А на берегу уже приплясывали три коренастые индианки, топали ногами так, что из-под подошв во все стороны летели длинные яркие искры, хорошо видные с воды, женщины вспарывали воздух мелодичными, похожими на звук боевых труб криками:
— Русо сошел с ума! Русо ест сырую рыбу!
А русо не удержался и решил оттяпать четвертый кусок сальмона, — оттяпал, облизнул нож и меленько, очень аккуратно посыпал лососинный стейк крупичатой, желтоватого цвета солью, отправил в рот — м-м-м-м!
Каждый день ел бы такую рыбу, и не один раз, а целых три — утром, днем и вечером…
Лепешки, которые ему принесли в качестве платы за утренний улов, кончились очень быстро, надо было печь хлеб — самому печь, а он этому мастерству не был обучен. Как быть?

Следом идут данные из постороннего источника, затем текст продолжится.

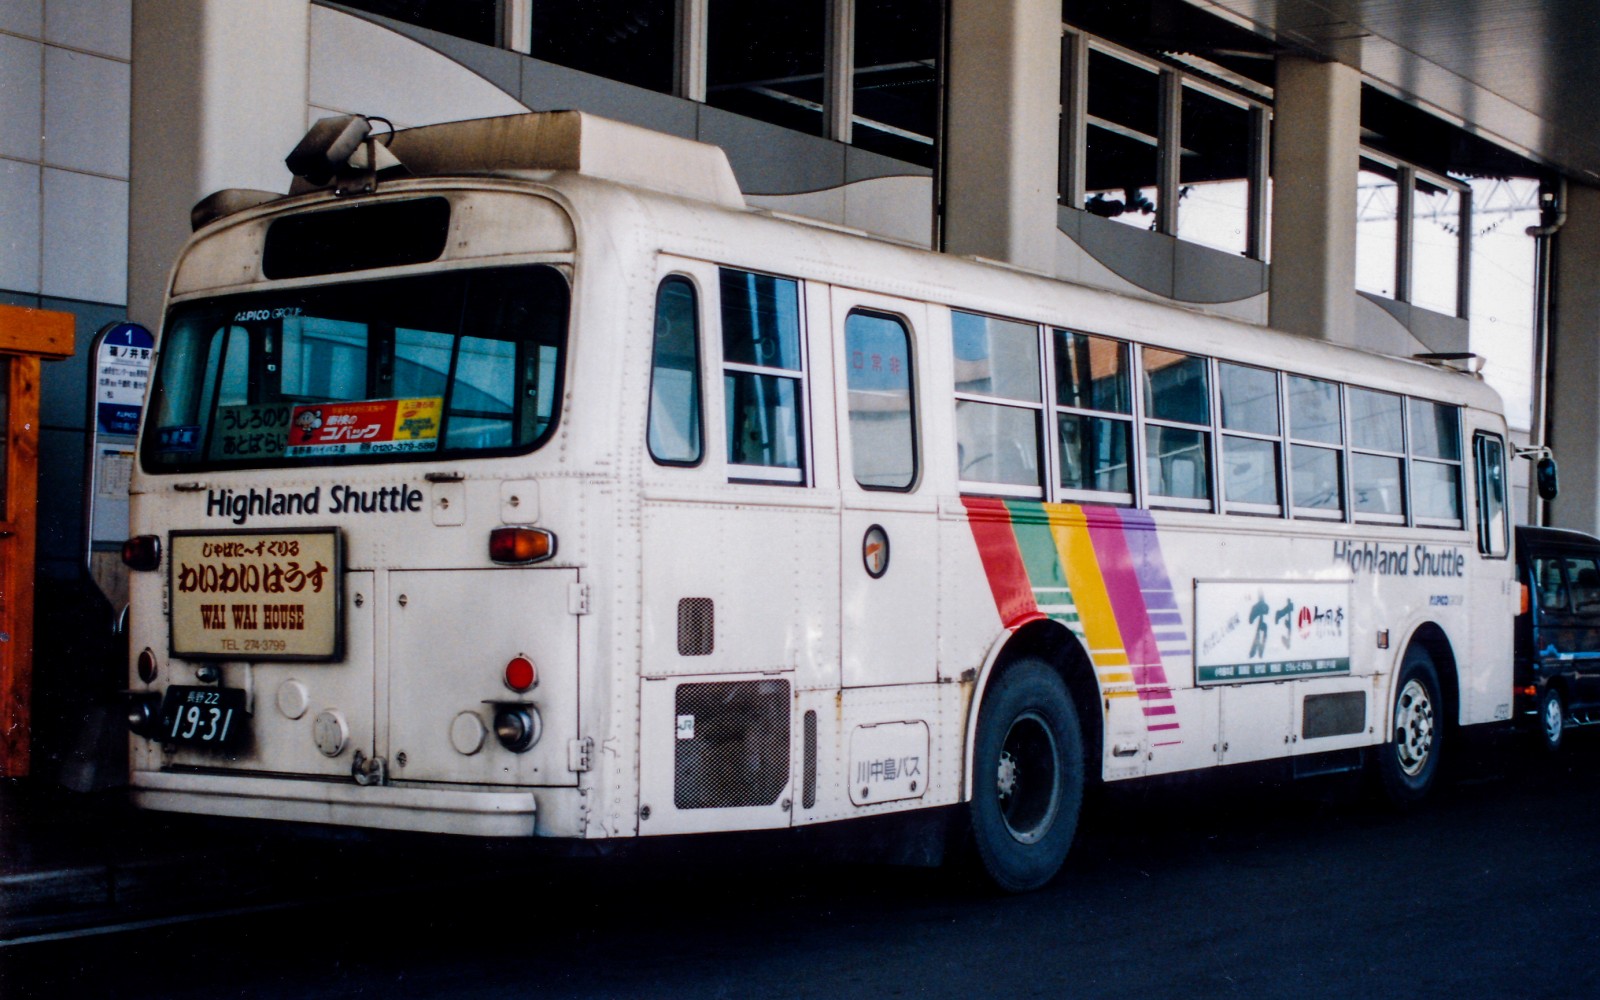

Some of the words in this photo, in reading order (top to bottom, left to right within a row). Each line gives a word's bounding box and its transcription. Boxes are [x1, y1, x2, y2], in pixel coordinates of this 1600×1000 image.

Печь придется, конечно, все в той же кастрюле, другой посуды, формы какой-нибудь, пусть даже глиняной, или противня у него нет.
Когда вечером он сидел в вигваме и сосредоточенно изучал алюминиевую кастрюлю, неожиданно услышал звучный, очень певучий голос матери:
— Гена, не бойся печь хлеб, это просто, у тебя все получится… Главное, достань муки и дрожжей, если у тебя дрожжей нет, возьми у индейцев, если и у них дрожжей нет, попроси лепешечной закваски, это тоже годится… В будущем всегда старайся держать закваску в стакане или в каком-нибудь горшочке…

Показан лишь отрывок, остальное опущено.